La parabola della Repubblica by Angelo Panebianco & Massimo Teodori

autore:Angelo Panebianco & Massimo Teodori [Panebianco, Angelo & Teodori, Massimo]
La lingua: ita
Format: epub
editore: Solferino
pubblicato: 2022-01-26T23:00:00+00:00


L’onda radicale

Alle elezioni politiche del giugno 1979, dopo l’assassinio di Moro e l’archiviazione del compromesso storico, si ebbe un vero boom radicale. La prima volta che era stato presente alle elezioni politiche del 1976 il Partito radicale della «rosa nel pugno» aveva ottenuto quasi 400mila voti (1,1 per cento) e quattro deputati, Marco Pannella, Emma Bonino, Adele Faccio e Mauro Mellini. Tre anni dopo i voti triplicarono fino a 1 milione 260mila voti con l’elezione di diciotto deputati, due senatori e tre eurodeputati (3,7 per cento). Il successo radicale, al termine di una intensa stagione referendaria sui diritti civili, indicava qualcosa di più del semplice successo nelle urne. Per la prima volta vi era stato un consenso popolare con uno sbocco parlamentare che oltrepassava i partiti laici storici e premiava una piccola forza politica sui temi delle libertà individuali e dei diritti civili. L’Italia modernizzante di allora, oltre che con la reazione extraparlamentare dei terroristi rossi e neri, si manifestava anche in sede istituzionale esprimendo una esigenza di libertà civile maggiore di quella che i grossi partiti, la Democrazia cristiana e il Partito comunista, avevano fino ad allora garantito.

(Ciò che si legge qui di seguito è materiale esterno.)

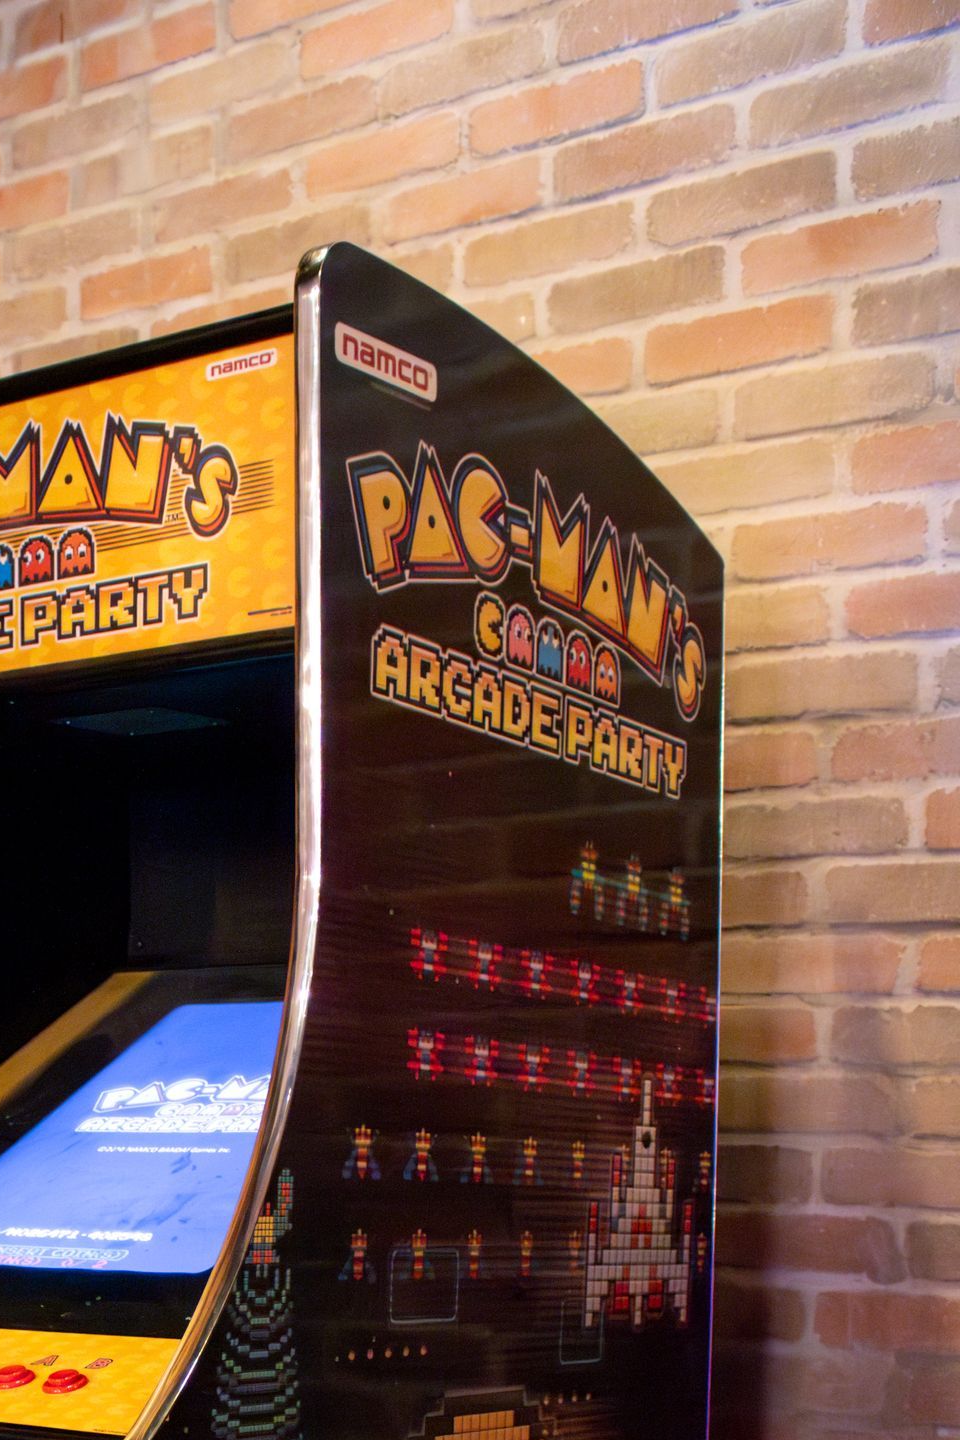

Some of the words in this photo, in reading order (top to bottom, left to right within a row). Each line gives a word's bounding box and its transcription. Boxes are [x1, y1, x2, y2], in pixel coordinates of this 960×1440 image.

In quelle elezioni, i radicali mostravano che al di là del gruppo originario si era affermata una nuova immagine che oltrepassava le strettoie dei vecchi partiti. Nelle loro liste figuravano politici nuovi e personalità eterodosse provenienti dai mondi cattolico, comunista, socialista e di nuova sinistra oltre che dalla eresia culturale quale quella di Leonardo Sciascia. L’analisi elettorale indicava che i ceti urbani avevano largamente votato radicale a Roma, Milano, Torino, Napoli, Palermo, Genova, e che vi era stato un trasferimento massiccio dei consensi dall’elettorato comunista a quello radicale. I diritti civili avevano fatto la differenza nelle scelte politiche degli elettori più avvertiti punendo il Pci del compromesso storico senza avvantaggiare i partiti tradizionali, Pli, Pri, Psdi e Psi. Se vi fosse stata nelle leadership dei radicali con Marco Pannella e dei partiti socialisti e liberali una maggiore attenzione nel cogliere il segnale del voto favorevole a una forza «terza» tra cattolici e comunisti che complessivamente rappresentava oltre un quarto dell’elettorato, forse non si sarebbe giunti dieci anni dopo alla catastrofe democratica. Ma come già era accaduto altre volte, ogni partito cercò di coltivare il proprio orticello, e ogni leader guardò più al circuito dei propri fedeli che non all’efficacia di una politica per la Repubblica.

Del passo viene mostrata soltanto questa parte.